She tilted her head back to feel the sun, inviting the first moments of relaxation she’d known all week. I’m in a swimming pool in France, she told herself, closing her eyes. I’m doing all sorts of strange things these days.
A body came churning to her through the water, and a sun-streaked head and muscular shoulders broke the surface beside her. Streams of wet dripped from strands of brown-gold hair that stuck to Alain’s forehead and tiny beads appeared on his eyelashes. The water was so clear that the man beside her had only to look down and see her high, firm breasts inches away from his brown-skinned chest. Alain put one hand on the side of the pool, treading water. “Are you having a good time?”
“Yes, it’s nice.” She floated beside him, letting her body dangle straight down, moving her legs only a little to stay in one place. She felt rather than saw Marilou and the de Bergeracs’ guests studiously ignoring them.
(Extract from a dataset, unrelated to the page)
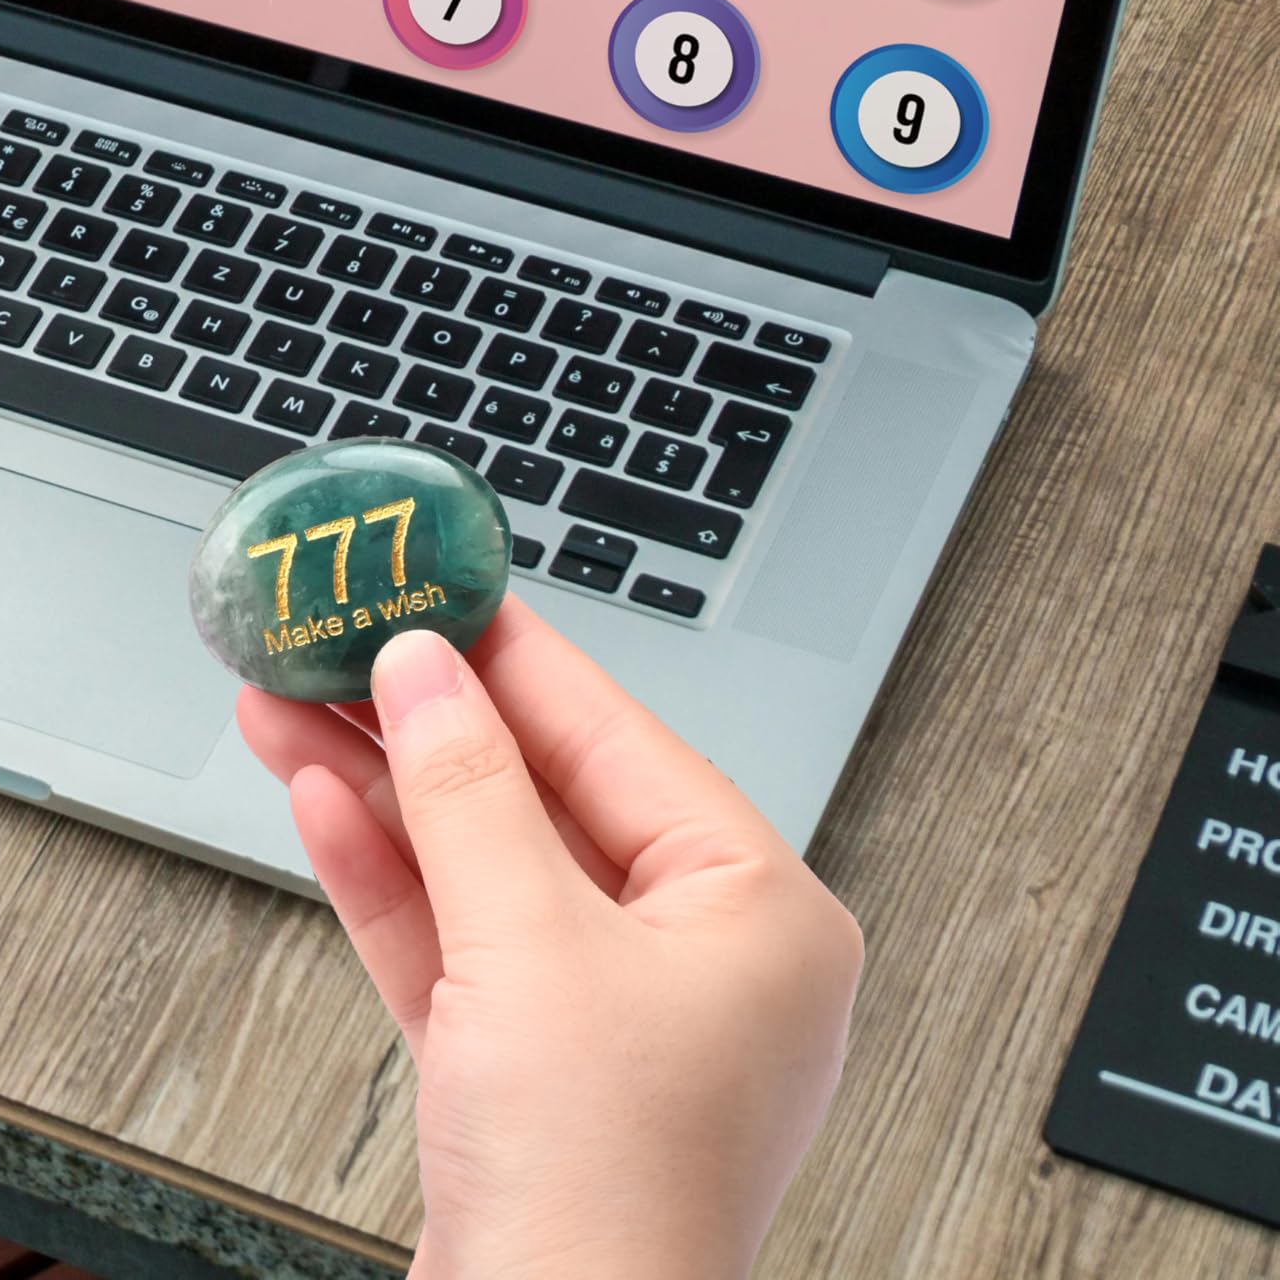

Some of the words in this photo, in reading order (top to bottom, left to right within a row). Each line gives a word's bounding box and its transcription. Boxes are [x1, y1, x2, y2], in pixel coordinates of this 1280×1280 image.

“Samantha.” His voice was urgent. “You must come away with me to spend a few days at my house in the country.” He was looking openly now at her bare breasts. “You are so beautiful. I want to touch you. I want so much to make love to you. Come away with me now. Today.”
She lowered her head slowly to look at him. “You know I can’t. I’ve got the show to do.”
“Yes, you can. If you wanted me, my darling, you would. But you do not want me as much as I want you. Admit it.”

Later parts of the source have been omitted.